─── Materials provided

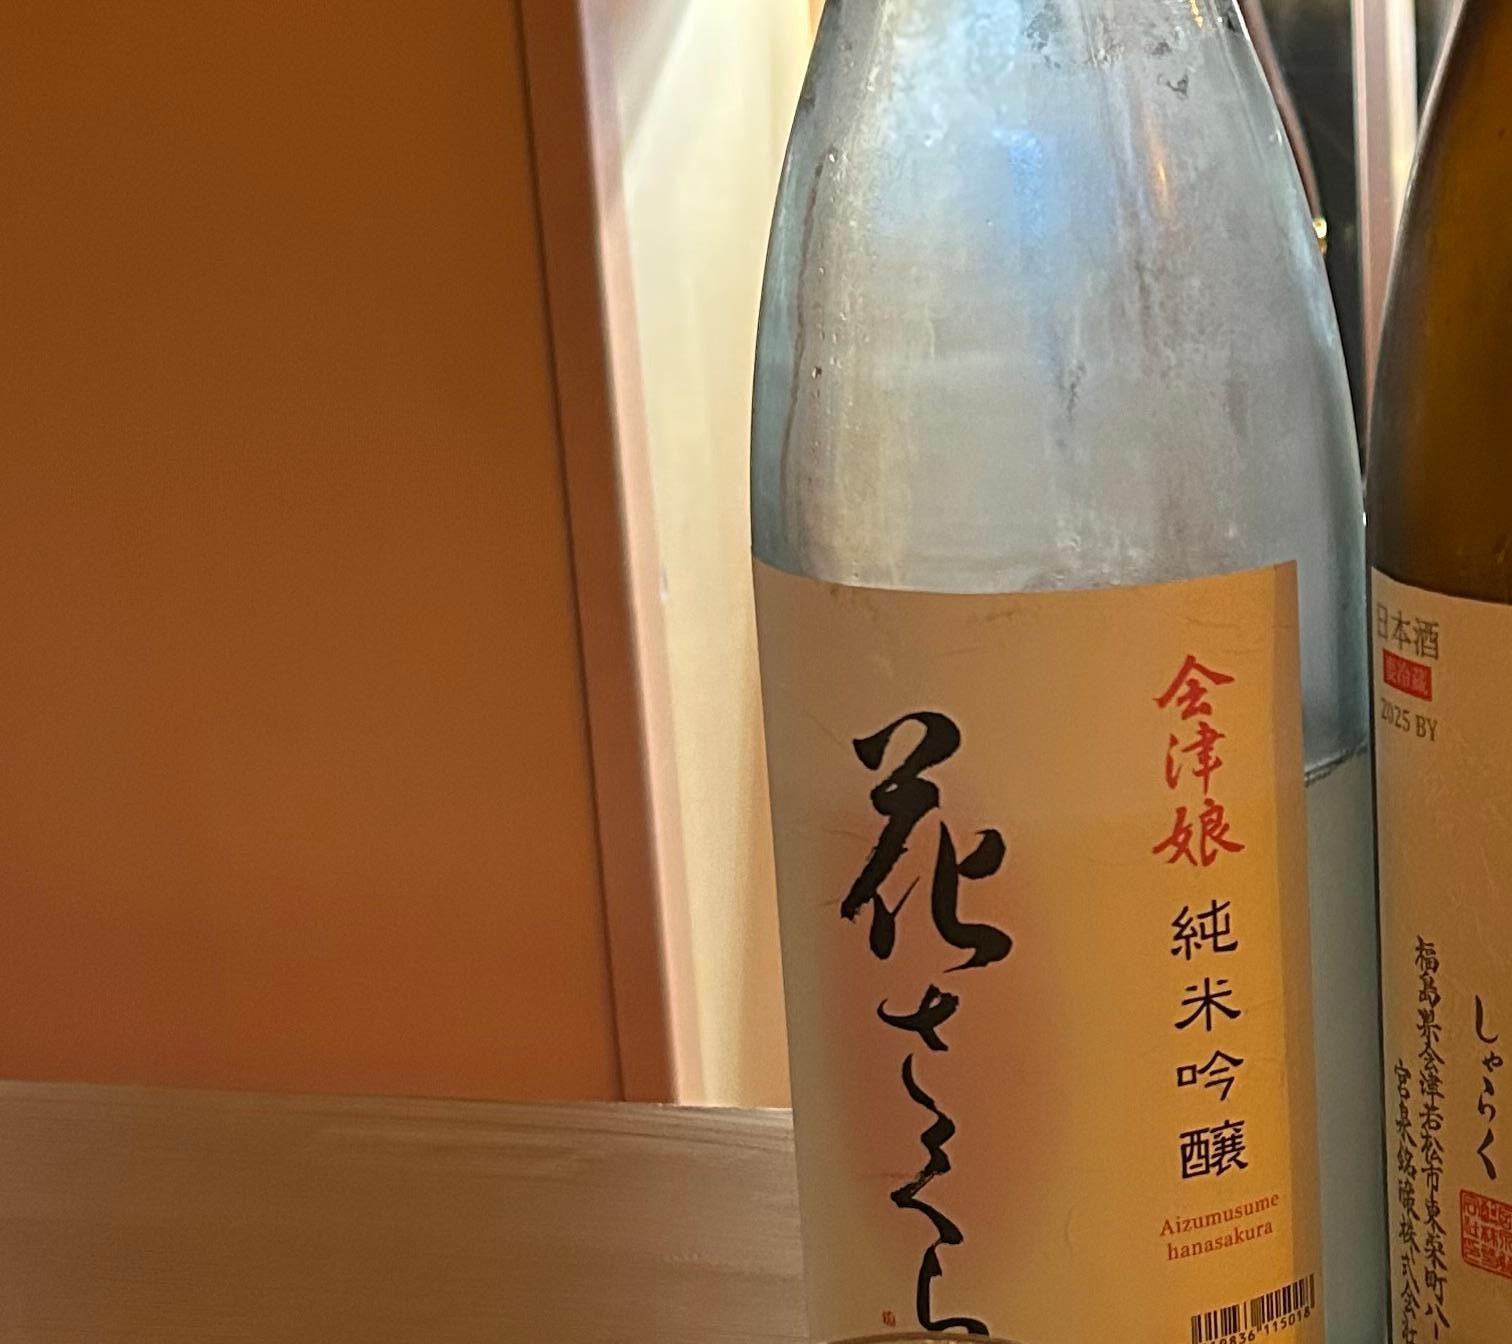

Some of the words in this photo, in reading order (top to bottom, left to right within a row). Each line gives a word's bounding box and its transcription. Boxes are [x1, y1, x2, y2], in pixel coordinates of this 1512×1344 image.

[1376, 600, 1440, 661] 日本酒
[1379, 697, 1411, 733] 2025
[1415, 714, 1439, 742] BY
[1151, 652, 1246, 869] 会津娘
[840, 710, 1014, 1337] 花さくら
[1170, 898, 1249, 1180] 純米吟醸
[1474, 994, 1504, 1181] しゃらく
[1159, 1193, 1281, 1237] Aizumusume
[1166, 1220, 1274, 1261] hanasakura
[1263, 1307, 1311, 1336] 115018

──────

Task requirements: Verbatim output of the entries is required, with each image left out.

Response to the task:
Some of the words in this photo, in reading order (top to bottom, left to right within a row). Each line gives a word's bounding box and its transcription. Boxes are [x1, y1, x2, y2], in pixel coordinates of this 1512×1344 image.

[1376, 600, 1440, 661] 日本酒
[1379, 697, 1411, 733] 2025
[1415, 714, 1439, 742] BY
[1151, 652, 1246, 869] 会津娘
[840, 710, 1014, 1337] 花さくら
[1170, 898, 1249, 1180] 純米吟醸
[1474, 994, 1504, 1181] しゃらく
[1159, 1193, 1281, 1237] Aizumusume
[1166, 1220, 1274, 1261] hanasakura
[1263, 1307, 1311, 1336] 115018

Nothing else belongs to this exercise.